> [Task goal]:
This exercise asks for the entries to be repeated exactly, without their images.

Text-to-region grounding data
= = = = = = =

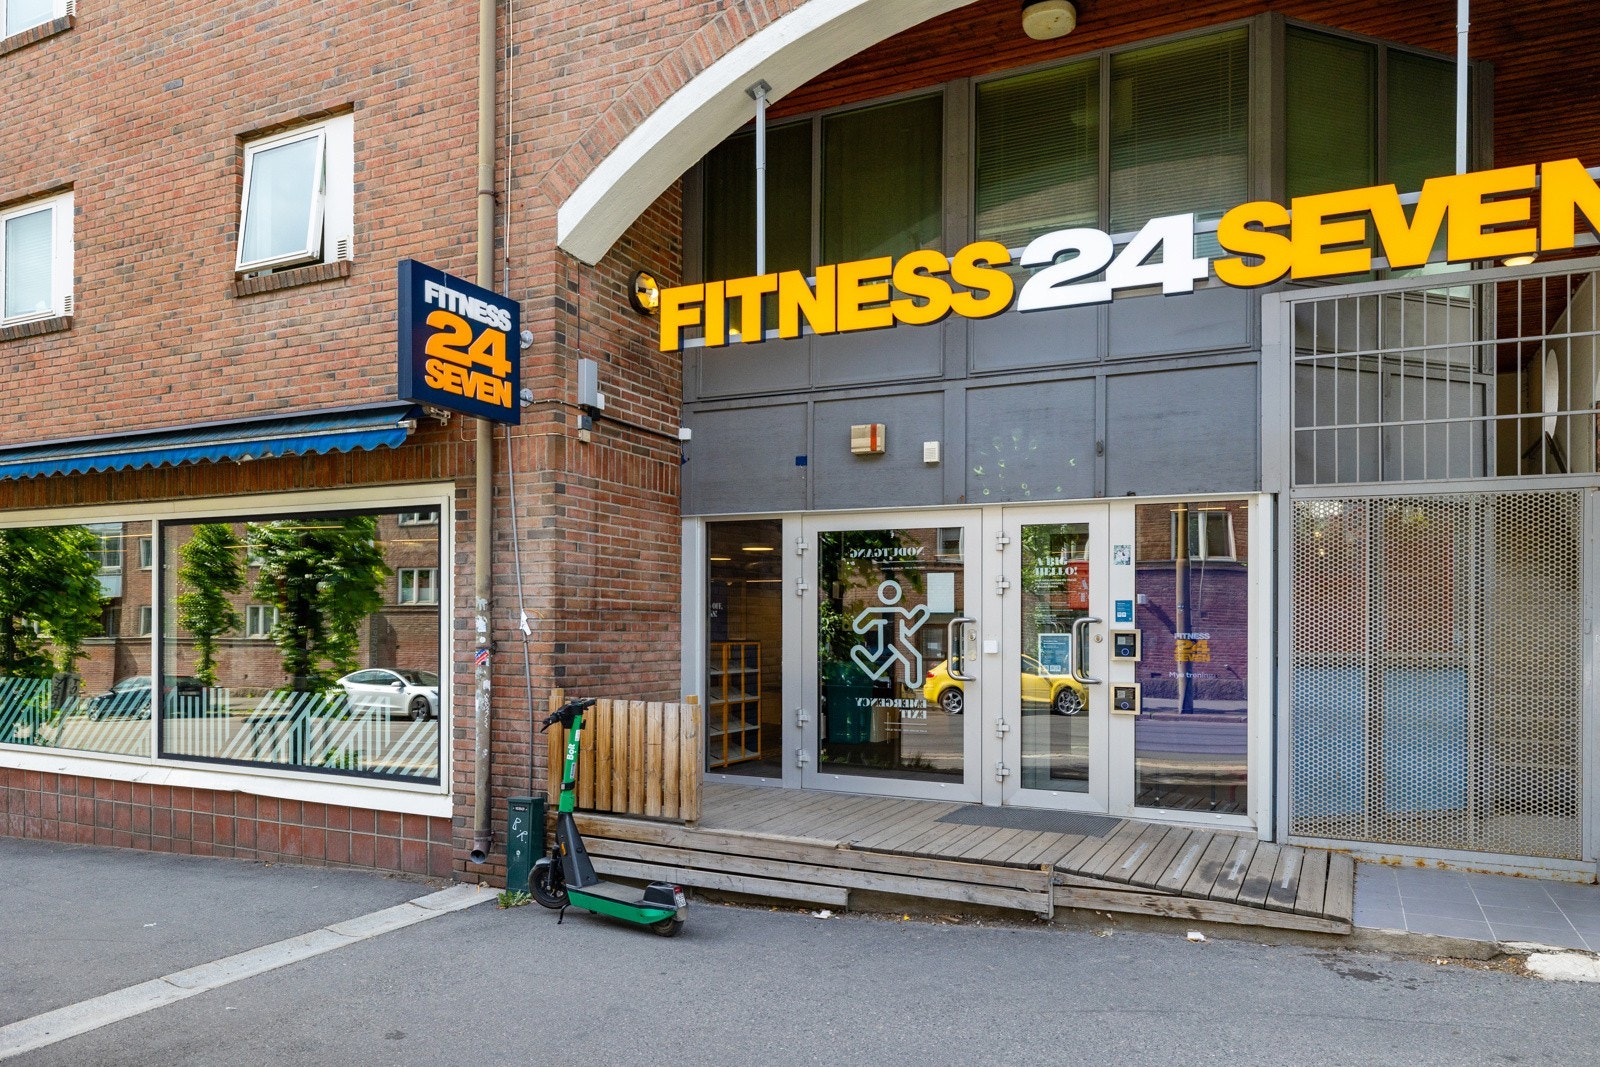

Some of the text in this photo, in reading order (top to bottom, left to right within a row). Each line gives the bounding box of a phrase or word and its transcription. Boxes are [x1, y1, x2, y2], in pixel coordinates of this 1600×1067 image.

[659, 158, 1600, 353] FITNESS 24 SEVEN
[424, 279, 512, 332] FITNESS
[424, 309, 512, 378] 24
[424, 358, 512, 408] SEVEN
[1046, 556, 1068, 567] BIG
[1034, 566, 1078, 576] HELLO!
[1174, 632, 1211, 640] FITNESS
[1174, 639, 1211, 654] 24
[1174, 653, 1211, 662] SEVEN
[566, 743, 577, 761] Bolt

= = = = = = =

> [Answer to the problem]:
Some of the text in this photo, in reading order (top to bottom, left to right within a row). Each line gives the bounding box of a phrase or word and its transcription. Boxes are [x1, y1, x2, y2], in pixel coordinates of this 1600×1067 image.

[659, 158, 1600, 353] FITNESS 24 SEVEN
[424, 279, 512, 332] FITNESS
[424, 309, 512, 378] 24
[424, 358, 512, 408] SEVEN
[1046, 556, 1068, 567] BIG
[1034, 566, 1078, 576] HELLO!
[1174, 632, 1211, 640] FITNESS
[1174, 639, 1211, 654] 24
[1174, 653, 1211, 662] SEVEN
[566, 743, 577, 761] Bolt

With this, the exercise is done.